▸ Materials provided
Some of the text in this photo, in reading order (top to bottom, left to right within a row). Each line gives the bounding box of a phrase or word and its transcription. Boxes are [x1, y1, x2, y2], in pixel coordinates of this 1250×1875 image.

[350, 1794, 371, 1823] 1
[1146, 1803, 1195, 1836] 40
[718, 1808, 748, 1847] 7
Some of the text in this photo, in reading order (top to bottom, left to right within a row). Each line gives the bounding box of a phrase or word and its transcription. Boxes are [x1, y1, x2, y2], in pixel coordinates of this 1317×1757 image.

▸ Activity
Give back each record, exactly as it reads.

▸ Task response
Some of the text in this photo, in reading order (top to bottom, left to right within a row). Each line gives the bounding box of a phrase or word and its transcription. Boxes are [x1, y1, x2, y2], in pixel coordinates of this 1250×1875 image.

[350, 1794, 371, 1823] 1
[1146, 1803, 1195, 1836] 40
[718, 1808, 748, 1847] 7
Some of the text in this photo, in reading order (top to bottom, left to right within a row). Each line gives the bounding box of a phrase or word and its transcription. Boxes are [x1, y1, x2, y2], in pixel coordinates of this 1317×1757 image.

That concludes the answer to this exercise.